» **Exercise**: Everything from the line containing "this 1066×1600 image." through the line containing "this 1620×1080 image." in the listing below should be copied exactly, and nothing more.

» **Dataset**:
━━━━━━━━━━
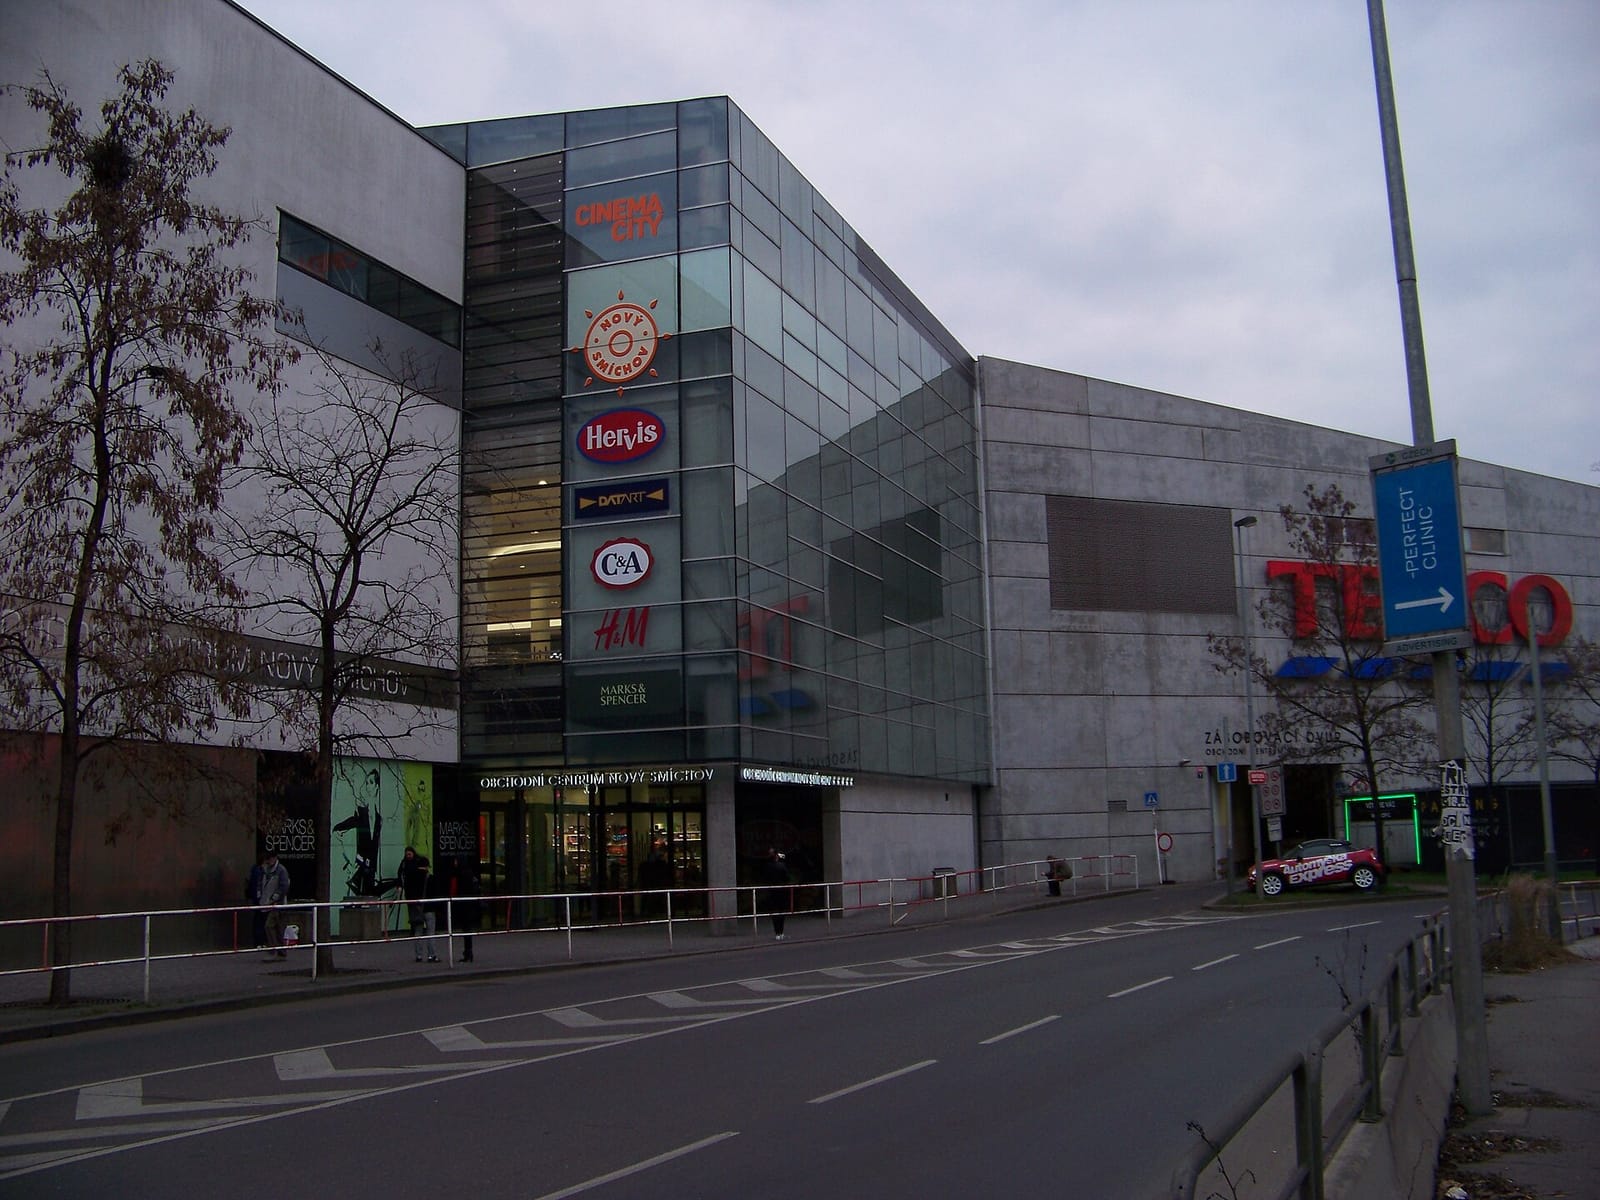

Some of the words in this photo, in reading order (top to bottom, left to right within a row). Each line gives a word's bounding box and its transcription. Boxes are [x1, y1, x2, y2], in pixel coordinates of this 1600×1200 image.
━━━━━━━━━━
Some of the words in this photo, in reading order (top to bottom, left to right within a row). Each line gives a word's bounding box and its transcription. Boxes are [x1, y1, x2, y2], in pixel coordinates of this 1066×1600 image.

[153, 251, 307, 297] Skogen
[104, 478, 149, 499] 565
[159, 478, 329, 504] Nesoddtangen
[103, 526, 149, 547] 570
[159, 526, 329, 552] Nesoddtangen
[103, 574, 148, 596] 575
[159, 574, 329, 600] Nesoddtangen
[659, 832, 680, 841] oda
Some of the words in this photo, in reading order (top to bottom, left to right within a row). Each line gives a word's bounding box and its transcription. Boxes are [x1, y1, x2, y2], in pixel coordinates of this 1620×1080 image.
━━━━━━━━━━
» **Answer to this task**:
Some of the words in this photo, in reading order (top to bottom, left to right within a row). Each line gives a word's bounding box and its transcription. Boxes are [x1, y1, x2, y2], in pixel coordinates of this 1066×1600 image.

[153, 251, 307, 297] Skogen
[104, 478, 149, 499] 565
[159, 478, 329, 504] Nesoddtangen
[103, 526, 149, 547] 570
[159, 526, 329, 552] Nesoddtangen
[103, 574, 148, 596] 575
[159, 574, 329, 600] Nesoddtangen
[659, 832, 680, 841] oda
Some of the words in this photo, in reading order (top to bottom, left to right within a row). Each line gives a word's bounding box and its transcription. Boxes are [x1, y1, x2, y2], in pixel coordinates of this 1620×1080 image.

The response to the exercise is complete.